The Animal Welfare Institute calls shutdown plus “the most inhumane” of culling methods available, noting that even though the association guidelines are technically voluntary, they are relied on by the USDA in guiding oversight of the industry’s depopulations amid disease outbreaks.
The industry relies on these guidelines too, making it known that their methods are approved by the association, the study authors say. “This effectively endows the U.S. veterinary profession with substantial power and responsibility when it comes to animal depopulation.”
The authors argue this issue “represents an urgent ethical problem for the U.S. veterinary community” requiring the profession to “champion needed change.” But the association has yet to take a stance against the culling method it recommends.
In its last depopulation guidelines published in 2020, the group wrote that the addition of heat, or heat plus carbon dioxide, effectively achieves death in an acceptable amount of time. The shutdown of ventilation on its own is slower, and therefore is not recommended by the association.
Yet a growing number of veterinarians say the association’s guidelines do not go far enough. Ventilation shutdown — in any form — is fiercely opposed by animal protection groups and, increasingly, veterinarians.
Dr. Ernie Ward, member of Veterinarians Against Ventilation Shutdown, wrote in a petition to the association that the practice causes animals to suffer “unbearable agony and a slow death.” The group’s petition was denied in November 2022.
Some veterinarians are afraid to criticize the animal agriculture industry that employs so many of their colleagues. Veterinarian Daniela Castillo writes that she hesitated to comment on shutdown plus, for example, having seen “conversations become adversarial and even hostile, resulting in a fracturing of the veterinary profession.” Yet Castillo ultimately decided “this topic is so important that I cannot be silent.”
In addition to the association changing its stance on ventilation shutdown plus to “not recommended” and suggesting “potentially more humane options, such as high-expansion, nitrogen gas-filled foam,” Reyes-Illg hopes the association will put in place standards that help to reduce the chance that farmed animals will not need to be culled in the first place.
“I would like to see the association engage a multidisciplinary team of veterinarians and ethicists to develop strategies for decreasing our patients’ risk of dying by depopulation,” she says.
Dr. Reyes-Illg hopes that the association will also recommend that the USDA require producers to establish “emergency response plans” laying out how their farms would be depopulated within a span of 48 hours “without resorting to VSD+Heat or other inhumane methods.”

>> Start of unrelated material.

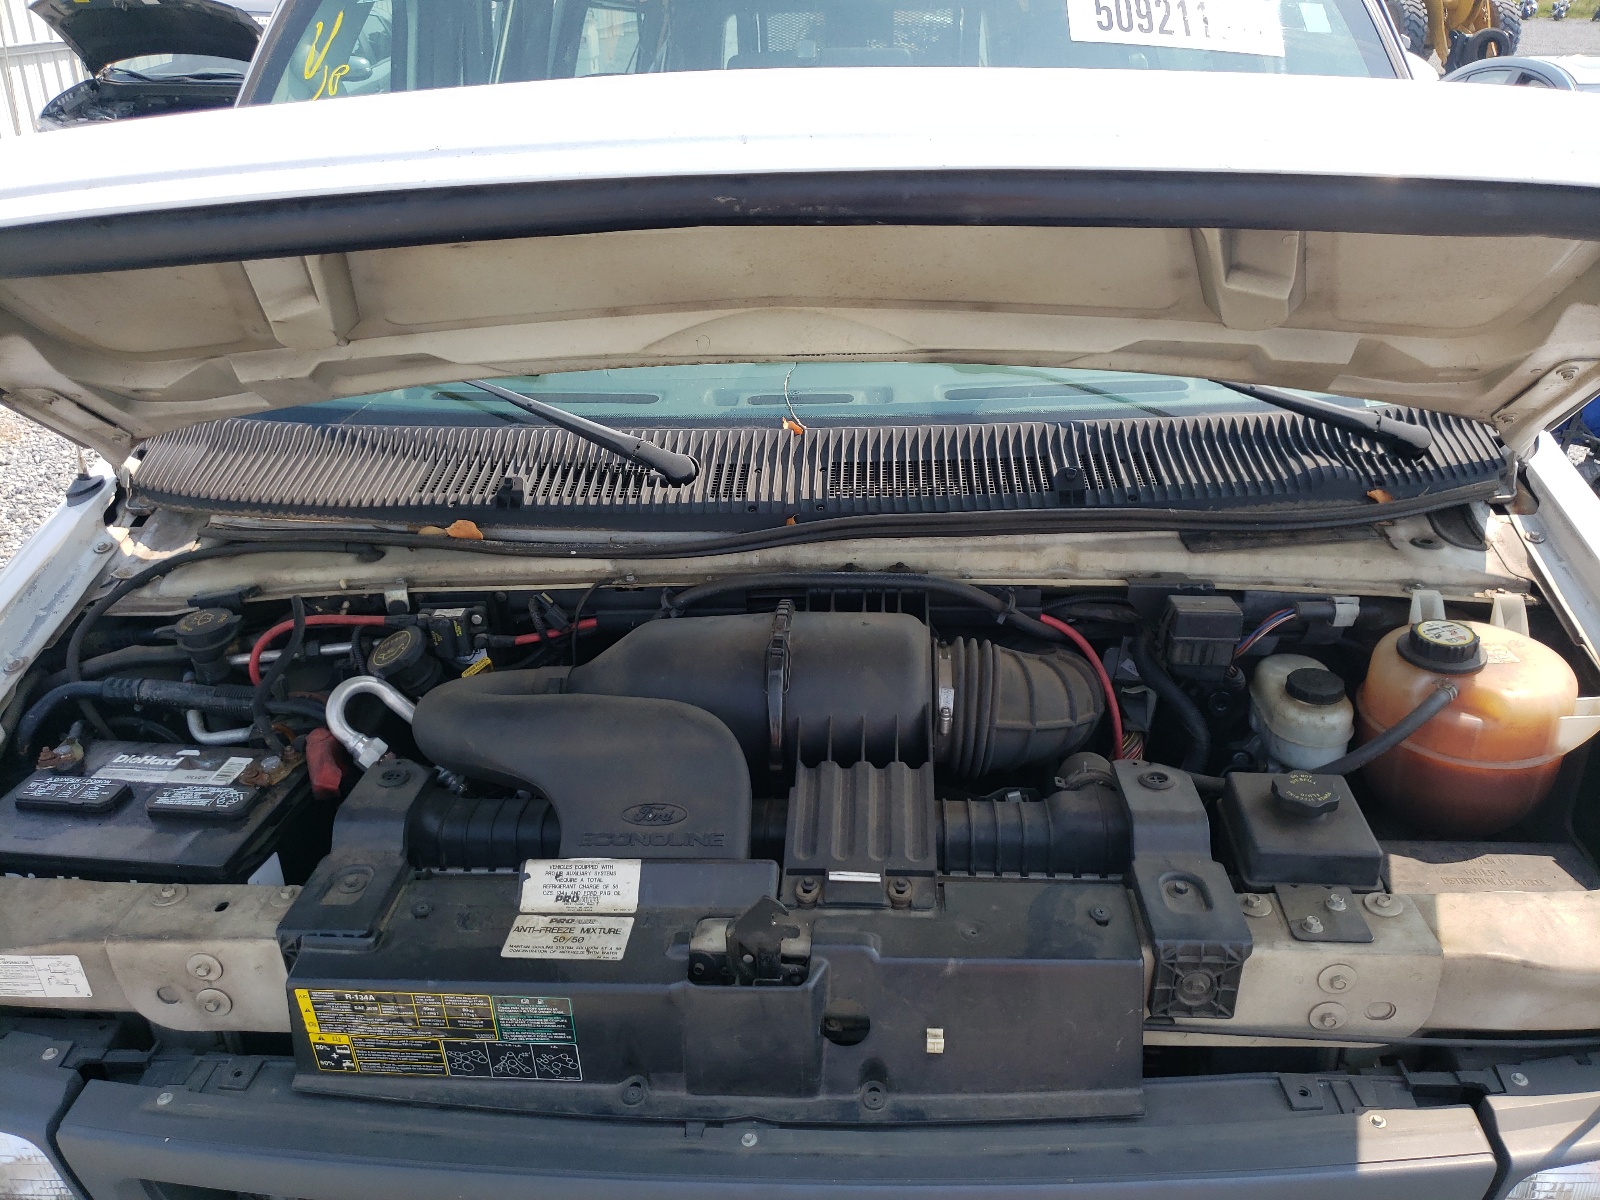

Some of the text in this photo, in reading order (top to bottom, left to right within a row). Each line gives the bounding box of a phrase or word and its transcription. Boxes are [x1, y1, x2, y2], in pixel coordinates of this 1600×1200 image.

Ultimately, meaningful change may require a new mandate in the form of legislation regulating culls, such as the proposed Transparency in Depopulation Act.
Says Reyes-Illg, potential improvements could include developing and requiring vaccines against avian flu or policies that require a limit in animal stocking densities — “so that a failure of biosecurity in a single barn doesn’t lead to the destruction of millions of birds.”
This piece has been updated to reflect that Dr. Reyes-Illg is the lead author of the new study and was not involved in the two earlier studies on heatstroke-based culling.